If EN does not meet the metabolic demands within 5 - 10 days of injury, total PN should be started [20, 71].

The panel suggests that PN should be limited to severe cases, given the risk of altered osmolality, infection, thrombosis and refeeding syndrome. In the survey, five out of seven panelists reported a higher prevalence of patients receiving EN than PN, with one panelist not being aware of this information.

Commercially available standardized PN provides no benefit in clinical outcomes versus compounded PN admixtures in ICU patients [71]. However, during discussion, the panel emphasized the importance of supplementing PN formulas with vitamins and trace minerals.

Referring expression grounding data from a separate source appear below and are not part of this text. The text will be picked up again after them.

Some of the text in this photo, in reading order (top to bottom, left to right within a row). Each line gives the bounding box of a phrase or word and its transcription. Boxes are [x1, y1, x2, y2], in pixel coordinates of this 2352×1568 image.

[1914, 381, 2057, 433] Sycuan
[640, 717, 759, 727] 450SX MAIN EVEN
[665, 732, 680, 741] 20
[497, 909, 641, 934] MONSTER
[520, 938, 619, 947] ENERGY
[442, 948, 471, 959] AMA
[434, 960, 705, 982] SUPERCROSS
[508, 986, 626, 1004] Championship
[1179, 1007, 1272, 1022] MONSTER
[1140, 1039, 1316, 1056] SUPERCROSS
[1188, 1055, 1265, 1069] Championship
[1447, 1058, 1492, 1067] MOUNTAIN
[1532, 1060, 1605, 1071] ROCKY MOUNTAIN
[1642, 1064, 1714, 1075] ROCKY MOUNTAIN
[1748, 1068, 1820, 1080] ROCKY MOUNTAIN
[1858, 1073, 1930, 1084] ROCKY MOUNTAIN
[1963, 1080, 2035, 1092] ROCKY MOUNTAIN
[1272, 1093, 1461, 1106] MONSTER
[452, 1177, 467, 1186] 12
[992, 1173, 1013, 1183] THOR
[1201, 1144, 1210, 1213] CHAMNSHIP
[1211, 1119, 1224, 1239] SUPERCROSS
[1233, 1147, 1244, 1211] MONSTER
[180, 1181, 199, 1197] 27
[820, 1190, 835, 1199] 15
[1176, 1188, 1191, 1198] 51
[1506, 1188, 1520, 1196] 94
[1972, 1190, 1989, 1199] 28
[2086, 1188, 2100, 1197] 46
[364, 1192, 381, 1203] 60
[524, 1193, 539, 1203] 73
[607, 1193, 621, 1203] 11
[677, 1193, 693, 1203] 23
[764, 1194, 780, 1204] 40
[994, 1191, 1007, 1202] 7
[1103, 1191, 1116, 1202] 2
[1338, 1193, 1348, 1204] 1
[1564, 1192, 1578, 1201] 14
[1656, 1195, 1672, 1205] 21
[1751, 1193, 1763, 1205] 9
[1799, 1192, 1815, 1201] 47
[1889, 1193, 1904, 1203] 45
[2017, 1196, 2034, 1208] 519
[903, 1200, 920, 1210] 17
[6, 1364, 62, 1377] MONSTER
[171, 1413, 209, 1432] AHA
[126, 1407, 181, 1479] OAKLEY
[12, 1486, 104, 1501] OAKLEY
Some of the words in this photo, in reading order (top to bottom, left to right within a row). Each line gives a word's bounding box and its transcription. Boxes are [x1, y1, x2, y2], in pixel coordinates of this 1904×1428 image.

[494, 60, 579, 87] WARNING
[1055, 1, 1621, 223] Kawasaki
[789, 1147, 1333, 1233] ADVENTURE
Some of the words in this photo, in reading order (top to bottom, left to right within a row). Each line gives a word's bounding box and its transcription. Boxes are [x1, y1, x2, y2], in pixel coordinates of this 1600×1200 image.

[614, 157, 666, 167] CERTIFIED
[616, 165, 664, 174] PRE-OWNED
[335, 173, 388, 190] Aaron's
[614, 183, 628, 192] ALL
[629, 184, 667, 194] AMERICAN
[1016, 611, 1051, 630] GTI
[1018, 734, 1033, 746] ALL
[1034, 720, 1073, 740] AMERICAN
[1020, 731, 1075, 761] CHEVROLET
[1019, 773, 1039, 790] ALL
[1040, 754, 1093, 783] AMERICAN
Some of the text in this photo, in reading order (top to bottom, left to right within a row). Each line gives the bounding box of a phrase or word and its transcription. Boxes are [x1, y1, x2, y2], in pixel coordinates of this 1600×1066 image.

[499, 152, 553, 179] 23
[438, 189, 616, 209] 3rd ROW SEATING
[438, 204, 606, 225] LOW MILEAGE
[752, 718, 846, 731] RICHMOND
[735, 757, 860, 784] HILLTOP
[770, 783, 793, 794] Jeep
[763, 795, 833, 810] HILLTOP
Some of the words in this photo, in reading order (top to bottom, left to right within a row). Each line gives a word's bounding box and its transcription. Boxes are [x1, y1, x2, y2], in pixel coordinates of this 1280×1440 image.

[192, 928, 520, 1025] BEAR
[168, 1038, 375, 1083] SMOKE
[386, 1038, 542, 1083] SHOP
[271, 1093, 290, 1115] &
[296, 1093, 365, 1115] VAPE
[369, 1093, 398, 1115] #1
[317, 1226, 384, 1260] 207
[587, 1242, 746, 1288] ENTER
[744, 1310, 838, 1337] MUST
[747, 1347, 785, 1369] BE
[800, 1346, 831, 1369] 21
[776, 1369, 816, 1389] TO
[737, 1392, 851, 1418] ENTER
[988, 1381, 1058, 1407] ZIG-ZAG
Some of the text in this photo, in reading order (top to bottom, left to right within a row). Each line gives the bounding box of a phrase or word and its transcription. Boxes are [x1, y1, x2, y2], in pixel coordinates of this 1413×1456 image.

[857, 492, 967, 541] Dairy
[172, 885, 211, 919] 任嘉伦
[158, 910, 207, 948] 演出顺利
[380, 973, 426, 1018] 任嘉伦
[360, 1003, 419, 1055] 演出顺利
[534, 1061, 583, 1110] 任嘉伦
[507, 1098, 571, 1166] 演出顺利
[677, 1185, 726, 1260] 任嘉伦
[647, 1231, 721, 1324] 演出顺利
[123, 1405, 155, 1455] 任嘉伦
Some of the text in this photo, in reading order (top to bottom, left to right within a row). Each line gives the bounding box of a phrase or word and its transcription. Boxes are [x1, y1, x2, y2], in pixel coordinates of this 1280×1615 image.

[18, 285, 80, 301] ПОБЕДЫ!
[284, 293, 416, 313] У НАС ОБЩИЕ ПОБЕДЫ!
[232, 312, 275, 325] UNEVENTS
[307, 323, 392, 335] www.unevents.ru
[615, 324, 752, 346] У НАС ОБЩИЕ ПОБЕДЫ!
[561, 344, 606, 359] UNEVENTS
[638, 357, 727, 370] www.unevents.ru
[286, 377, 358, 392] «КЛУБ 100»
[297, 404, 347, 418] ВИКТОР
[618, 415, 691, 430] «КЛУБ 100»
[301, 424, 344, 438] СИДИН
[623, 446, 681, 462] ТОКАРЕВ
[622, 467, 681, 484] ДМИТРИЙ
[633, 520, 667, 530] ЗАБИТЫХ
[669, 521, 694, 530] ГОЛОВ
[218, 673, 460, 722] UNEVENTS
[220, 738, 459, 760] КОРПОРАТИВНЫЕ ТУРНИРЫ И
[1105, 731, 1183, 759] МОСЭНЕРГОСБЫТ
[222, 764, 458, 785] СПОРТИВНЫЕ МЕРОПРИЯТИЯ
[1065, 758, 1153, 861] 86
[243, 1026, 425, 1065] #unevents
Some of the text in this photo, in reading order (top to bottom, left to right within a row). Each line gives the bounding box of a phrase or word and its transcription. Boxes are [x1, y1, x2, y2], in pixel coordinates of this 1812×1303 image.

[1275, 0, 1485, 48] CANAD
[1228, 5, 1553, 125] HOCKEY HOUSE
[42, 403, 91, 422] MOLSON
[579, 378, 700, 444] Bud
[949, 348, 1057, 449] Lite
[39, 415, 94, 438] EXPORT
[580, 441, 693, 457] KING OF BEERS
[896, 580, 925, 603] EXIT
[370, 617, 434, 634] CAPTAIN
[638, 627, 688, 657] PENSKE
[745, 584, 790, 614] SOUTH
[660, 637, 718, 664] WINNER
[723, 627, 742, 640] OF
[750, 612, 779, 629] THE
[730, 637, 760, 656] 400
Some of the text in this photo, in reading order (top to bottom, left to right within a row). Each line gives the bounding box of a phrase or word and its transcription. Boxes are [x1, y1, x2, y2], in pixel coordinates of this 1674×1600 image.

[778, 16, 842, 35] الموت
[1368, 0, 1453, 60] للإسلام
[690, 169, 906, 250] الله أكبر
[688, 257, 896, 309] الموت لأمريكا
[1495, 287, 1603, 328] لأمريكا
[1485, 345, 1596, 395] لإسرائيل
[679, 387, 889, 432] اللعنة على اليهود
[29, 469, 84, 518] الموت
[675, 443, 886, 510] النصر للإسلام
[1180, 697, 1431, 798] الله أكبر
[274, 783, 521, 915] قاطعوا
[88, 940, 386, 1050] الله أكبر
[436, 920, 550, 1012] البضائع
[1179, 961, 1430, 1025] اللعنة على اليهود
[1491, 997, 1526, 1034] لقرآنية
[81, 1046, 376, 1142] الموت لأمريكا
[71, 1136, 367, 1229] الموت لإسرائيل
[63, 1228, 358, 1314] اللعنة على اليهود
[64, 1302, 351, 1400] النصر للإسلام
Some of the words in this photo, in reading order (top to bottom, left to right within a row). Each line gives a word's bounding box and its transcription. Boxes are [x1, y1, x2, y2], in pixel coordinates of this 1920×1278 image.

Safe prescribing of PN involves ensuring appropriate intravenous access, maintaining sterility, and clearly identifying and documenting the therapeutic goals of PN therapy. Reliable vascular access is crucial, and in-line filters should be used [72]. Monitoring for central line-associated bloodstream infection (CLABSI) is necessary, and blood sampling through vascular access devices should be avoided to minimize its risk [73]. Implementing a PN infusion schedule over 10 - 14 h can provide benefits in selected circumstances [74]. It is advisable to prevent unplanned infusion interruptions to avoid potential metabolic disruptions and suboptimal nutrient delivery and to refrain from interrupting PN administration for medication purposes [75]. However, PN should be discontinued before discharge [75].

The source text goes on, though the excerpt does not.